### GIVEN RECORDS

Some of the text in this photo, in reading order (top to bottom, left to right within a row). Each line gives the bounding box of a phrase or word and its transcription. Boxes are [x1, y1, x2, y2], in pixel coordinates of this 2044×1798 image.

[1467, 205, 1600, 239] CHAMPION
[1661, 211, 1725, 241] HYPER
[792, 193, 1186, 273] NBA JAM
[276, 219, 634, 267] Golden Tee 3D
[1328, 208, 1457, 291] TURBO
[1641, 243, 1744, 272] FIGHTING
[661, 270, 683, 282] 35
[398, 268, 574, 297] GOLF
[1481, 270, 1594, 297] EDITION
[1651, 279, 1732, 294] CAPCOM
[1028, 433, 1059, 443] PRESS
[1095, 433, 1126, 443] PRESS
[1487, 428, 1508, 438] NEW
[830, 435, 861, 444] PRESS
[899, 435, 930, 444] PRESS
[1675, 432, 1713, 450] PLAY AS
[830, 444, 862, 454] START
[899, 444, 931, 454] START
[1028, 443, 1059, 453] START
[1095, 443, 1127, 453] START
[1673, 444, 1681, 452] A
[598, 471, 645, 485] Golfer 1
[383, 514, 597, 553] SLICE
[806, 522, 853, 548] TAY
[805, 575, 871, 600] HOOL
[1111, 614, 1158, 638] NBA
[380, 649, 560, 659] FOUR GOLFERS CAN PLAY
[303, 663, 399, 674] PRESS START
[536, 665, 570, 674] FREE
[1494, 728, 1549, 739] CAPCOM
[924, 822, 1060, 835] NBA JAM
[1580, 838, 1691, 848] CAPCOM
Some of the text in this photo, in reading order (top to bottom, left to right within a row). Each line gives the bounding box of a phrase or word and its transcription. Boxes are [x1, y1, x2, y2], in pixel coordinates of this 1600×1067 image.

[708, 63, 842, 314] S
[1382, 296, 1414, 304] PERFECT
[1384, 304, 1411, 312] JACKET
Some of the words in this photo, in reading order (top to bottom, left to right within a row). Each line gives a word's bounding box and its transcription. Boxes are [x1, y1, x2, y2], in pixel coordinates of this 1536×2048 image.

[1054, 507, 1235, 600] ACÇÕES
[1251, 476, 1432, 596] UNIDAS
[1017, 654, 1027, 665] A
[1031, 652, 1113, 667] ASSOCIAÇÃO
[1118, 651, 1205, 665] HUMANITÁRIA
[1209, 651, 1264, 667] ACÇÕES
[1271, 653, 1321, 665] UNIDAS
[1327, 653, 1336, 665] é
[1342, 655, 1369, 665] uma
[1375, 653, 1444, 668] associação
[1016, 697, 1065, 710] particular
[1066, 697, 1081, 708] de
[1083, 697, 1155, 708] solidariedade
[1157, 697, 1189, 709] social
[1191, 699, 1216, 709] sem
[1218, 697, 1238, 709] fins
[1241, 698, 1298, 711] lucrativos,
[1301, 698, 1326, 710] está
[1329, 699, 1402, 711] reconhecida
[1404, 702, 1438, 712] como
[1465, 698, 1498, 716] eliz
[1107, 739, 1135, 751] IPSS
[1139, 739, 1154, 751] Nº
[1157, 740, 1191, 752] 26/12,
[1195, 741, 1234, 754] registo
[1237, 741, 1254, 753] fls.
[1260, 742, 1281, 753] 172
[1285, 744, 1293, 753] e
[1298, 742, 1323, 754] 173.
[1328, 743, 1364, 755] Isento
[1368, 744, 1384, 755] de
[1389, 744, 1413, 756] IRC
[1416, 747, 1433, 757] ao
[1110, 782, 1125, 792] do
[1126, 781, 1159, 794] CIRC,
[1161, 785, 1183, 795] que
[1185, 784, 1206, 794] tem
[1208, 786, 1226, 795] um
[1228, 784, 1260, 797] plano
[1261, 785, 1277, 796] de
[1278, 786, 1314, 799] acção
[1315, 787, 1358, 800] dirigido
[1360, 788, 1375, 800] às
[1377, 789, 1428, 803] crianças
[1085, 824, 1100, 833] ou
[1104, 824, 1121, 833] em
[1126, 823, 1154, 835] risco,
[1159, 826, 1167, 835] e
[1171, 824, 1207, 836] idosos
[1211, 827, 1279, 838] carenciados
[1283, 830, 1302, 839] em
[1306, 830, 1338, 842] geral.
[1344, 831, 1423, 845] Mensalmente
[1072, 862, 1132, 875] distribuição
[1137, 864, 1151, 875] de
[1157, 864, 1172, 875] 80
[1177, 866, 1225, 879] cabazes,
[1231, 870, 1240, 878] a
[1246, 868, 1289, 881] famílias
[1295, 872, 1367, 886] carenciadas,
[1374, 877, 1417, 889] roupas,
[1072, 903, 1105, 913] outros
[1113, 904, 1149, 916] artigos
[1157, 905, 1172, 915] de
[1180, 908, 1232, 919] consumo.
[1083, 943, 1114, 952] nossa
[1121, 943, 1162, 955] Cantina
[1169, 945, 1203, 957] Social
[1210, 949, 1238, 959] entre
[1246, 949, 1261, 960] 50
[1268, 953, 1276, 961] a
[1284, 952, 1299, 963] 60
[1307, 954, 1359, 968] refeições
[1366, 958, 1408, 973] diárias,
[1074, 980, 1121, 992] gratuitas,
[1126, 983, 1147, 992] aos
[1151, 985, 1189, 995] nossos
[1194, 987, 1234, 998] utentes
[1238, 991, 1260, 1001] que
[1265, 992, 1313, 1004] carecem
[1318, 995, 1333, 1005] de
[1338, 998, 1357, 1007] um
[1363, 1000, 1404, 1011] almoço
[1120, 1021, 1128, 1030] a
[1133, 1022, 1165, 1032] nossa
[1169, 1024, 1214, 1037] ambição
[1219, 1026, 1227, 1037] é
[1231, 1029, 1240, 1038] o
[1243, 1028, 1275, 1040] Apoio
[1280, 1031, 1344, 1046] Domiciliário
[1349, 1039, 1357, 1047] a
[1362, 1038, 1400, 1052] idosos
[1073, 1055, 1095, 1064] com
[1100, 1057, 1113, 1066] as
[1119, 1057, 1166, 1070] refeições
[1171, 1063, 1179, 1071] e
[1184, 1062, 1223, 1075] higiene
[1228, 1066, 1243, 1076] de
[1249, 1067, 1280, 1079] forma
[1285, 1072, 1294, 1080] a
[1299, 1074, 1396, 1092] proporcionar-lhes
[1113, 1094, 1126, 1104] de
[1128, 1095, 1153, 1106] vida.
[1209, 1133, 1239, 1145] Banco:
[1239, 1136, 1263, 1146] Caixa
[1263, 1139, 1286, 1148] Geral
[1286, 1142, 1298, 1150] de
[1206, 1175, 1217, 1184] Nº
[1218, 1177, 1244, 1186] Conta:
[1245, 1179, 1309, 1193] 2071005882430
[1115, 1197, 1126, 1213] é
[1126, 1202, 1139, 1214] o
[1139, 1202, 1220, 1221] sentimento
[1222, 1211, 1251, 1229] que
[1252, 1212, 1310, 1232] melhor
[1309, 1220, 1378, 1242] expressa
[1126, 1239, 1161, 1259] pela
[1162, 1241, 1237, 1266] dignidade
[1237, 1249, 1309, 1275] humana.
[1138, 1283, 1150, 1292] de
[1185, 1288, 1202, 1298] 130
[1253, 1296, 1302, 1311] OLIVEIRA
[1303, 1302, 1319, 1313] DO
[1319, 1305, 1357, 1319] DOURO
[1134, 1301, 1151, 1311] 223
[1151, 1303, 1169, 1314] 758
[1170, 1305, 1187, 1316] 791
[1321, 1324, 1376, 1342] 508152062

### WORK TASK
The listing above has to be repeated exactly, down to the last line.

### ANSWER SPACE
Some of the text in this photo, in reading order (top to bottom, left to right within a row). Each line gives the bounding box of a phrase or word and its transcription. Boxes are [x1, y1, x2, y2], in pixel coordinates of this 2044×1798 image.

[1467, 205, 1600, 239] CHAMPION
[1661, 211, 1725, 241] HYPER
[792, 193, 1186, 273] NBA JAM
[276, 219, 634, 267] Golden Tee 3D
[1328, 208, 1457, 291] TURBO
[1641, 243, 1744, 272] FIGHTING
[661, 270, 683, 282] 35
[398, 268, 574, 297] GOLF
[1481, 270, 1594, 297] EDITION
[1651, 279, 1732, 294] CAPCOM
[1028, 433, 1059, 443] PRESS
[1095, 433, 1126, 443] PRESS
[1487, 428, 1508, 438] NEW
[830, 435, 861, 444] PRESS
[899, 435, 930, 444] PRESS
[1675, 432, 1713, 450] PLAY AS
[830, 444, 862, 454] START
[899, 444, 931, 454] START
[1028, 443, 1059, 453] START
[1095, 443, 1127, 453] START
[1673, 444, 1681, 452] A
[598, 471, 645, 485] Golfer 1
[383, 514, 597, 553] SLICE
[806, 522, 853, 548] TAY
[805, 575, 871, 600] HOOL
[1111, 614, 1158, 638] NBA
[380, 649, 560, 659] FOUR GOLFERS CAN PLAY
[303, 663, 399, 674] PRESS START
[536, 665, 570, 674] FREE
[1494, 728, 1549, 739] CAPCOM
[924, 822, 1060, 835] NBA JAM
[1580, 838, 1691, 848] CAPCOM
Some of the text in this photo, in reading order (top to bottom, left to right within a row). Each line gives the bounding box of a phrase or word and its transcription. Boxes are [x1, y1, x2, y2], in pixel coordinates of this 1600×1067 image.

[708, 63, 842, 314] S
[1382, 296, 1414, 304] PERFECT
[1384, 304, 1411, 312] JACKET
Some of the words in this photo, in reading order (top to bottom, left to right within a row). Each line gives a word's bounding box and its transcription. Boxes are [x1, y1, x2, y2], in pixel coordinates of this 1536×2048 image.

[1054, 507, 1235, 600] ACÇÕES
[1251, 476, 1432, 596] UNIDAS
[1017, 654, 1027, 665] A
[1031, 652, 1113, 667] ASSOCIAÇÃO
[1118, 651, 1205, 665] HUMANITÁRIA
[1209, 651, 1264, 667] ACÇÕES
[1271, 653, 1321, 665] UNIDAS
[1327, 653, 1336, 665] é
[1342, 655, 1369, 665] uma
[1375, 653, 1444, 668] associação
[1016, 697, 1065, 710] particular
[1066, 697, 1081, 708] de
[1083, 697, 1155, 708] solidariedade
[1157, 697, 1189, 709] social
[1191, 699, 1216, 709] sem
[1218, 697, 1238, 709] fins
[1241, 698, 1298, 711] lucrativos,
[1301, 698, 1326, 710] está
[1329, 699, 1402, 711] reconhecida
[1404, 702, 1438, 712] como
[1465, 698, 1498, 716] eliz
[1107, 739, 1135, 751] IPSS
[1139, 739, 1154, 751] Nº
[1157, 740, 1191, 752] 26/12,
[1195, 741, 1234, 754] registo
[1237, 741, 1254, 753] fls.
[1260, 742, 1281, 753] 172
[1285, 744, 1293, 753] e
[1298, 742, 1323, 754] 173.
[1328, 743, 1364, 755] Isento
[1368, 744, 1384, 755] de
[1389, 744, 1413, 756] IRC
[1416, 747, 1433, 757] ao
[1110, 782, 1125, 792] do
[1126, 781, 1159, 794] CIRC,
[1161, 785, 1183, 795] que
[1185, 784, 1206, 794] tem
[1208, 786, 1226, 795] um
[1228, 784, 1260, 797] plano
[1261, 785, 1277, 796] de
[1278, 786, 1314, 799] acção
[1315, 787, 1358, 800] dirigido
[1360, 788, 1375, 800] às
[1377, 789, 1428, 803] crianças
[1085, 824, 1100, 833] ou
[1104, 824, 1121, 833] em
[1126, 823, 1154, 835] risco,
[1159, 826, 1167, 835] e
[1171, 824, 1207, 836] idosos
[1211, 827, 1279, 838] carenciados
[1283, 830, 1302, 839] em
[1306, 830, 1338, 842] geral.
[1344, 831, 1423, 845] Mensalmente
[1072, 862, 1132, 875] distribuição
[1137, 864, 1151, 875] de
[1157, 864, 1172, 875] 80
[1177, 866, 1225, 879] cabazes,
[1231, 870, 1240, 878] a
[1246, 868, 1289, 881] famílias
[1295, 872, 1367, 886] carenciadas,
[1374, 877, 1417, 889] roupas,
[1072, 903, 1105, 913] outros
[1113, 904, 1149, 916] artigos
[1157, 905, 1172, 915] de
[1180, 908, 1232, 919] consumo.
[1083, 943, 1114, 952] nossa
[1121, 943, 1162, 955] Cantina
[1169, 945, 1203, 957] Social
[1210, 949, 1238, 959] entre
[1246, 949, 1261, 960] 50
[1268, 953, 1276, 961] a
[1284, 952, 1299, 963] 60
[1307, 954, 1359, 968] refeições
[1366, 958, 1408, 973] diárias,
[1074, 980, 1121, 992] gratuitas,
[1126, 983, 1147, 992] aos
[1151, 985, 1189, 995] nossos
[1194, 987, 1234, 998] utentes
[1238, 991, 1260, 1001] que
[1265, 992, 1313, 1004] carecem
[1318, 995, 1333, 1005] de
[1338, 998, 1357, 1007] um
[1363, 1000, 1404, 1011] almoço
[1120, 1021, 1128, 1030] a
[1133, 1022, 1165, 1032] nossa
[1169, 1024, 1214, 1037] ambição
[1219, 1026, 1227, 1037] é
[1231, 1029, 1240, 1038] o
[1243, 1028, 1275, 1040] Apoio
[1280, 1031, 1344, 1046] Domiciliário
[1349, 1039, 1357, 1047] a
[1362, 1038, 1400, 1052] idosos
[1073, 1055, 1095, 1064] com
[1100, 1057, 1113, 1066] as
[1119, 1057, 1166, 1070] refeições
[1171, 1063, 1179, 1071] e
[1184, 1062, 1223, 1075] higiene
[1228, 1066, 1243, 1076] de
[1249, 1067, 1280, 1079] forma
[1285, 1072, 1294, 1080] a
[1299, 1074, 1396, 1092] proporcionar-lhes
[1113, 1094, 1126, 1104] de
[1128, 1095, 1153, 1106] vida.
[1209, 1133, 1239, 1145] Banco:
[1239, 1136, 1263, 1146] Caixa
[1263, 1139, 1286, 1148] Geral
[1286, 1142, 1298, 1150] de
[1206, 1175, 1217, 1184] Nº
[1218, 1177, 1244, 1186] Conta:
[1245, 1179, 1309, 1193] 2071005882430
[1115, 1197, 1126, 1213] é
[1126, 1202, 1139, 1214] o
[1139, 1202, 1220, 1221] sentimento
[1222, 1211, 1251, 1229] que
[1252, 1212, 1310, 1232] melhor
[1309, 1220, 1378, 1242] expressa
[1126, 1239, 1161, 1259] pela
[1162, 1241, 1237, 1266] dignidade
[1237, 1249, 1309, 1275] humana.
[1138, 1283, 1150, 1292] de
[1185, 1288, 1202, 1298] 130
[1253, 1296, 1302, 1311] OLIVEIRA
[1303, 1302, 1319, 1313] DO
[1319, 1305, 1357, 1319] DOURO
[1134, 1301, 1151, 1311] 223
[1151, 1303, 1169, 1314] 758
[1170, 1305, 1187, 1316] 791
[1321, 1324, 1376, 1342] 508152062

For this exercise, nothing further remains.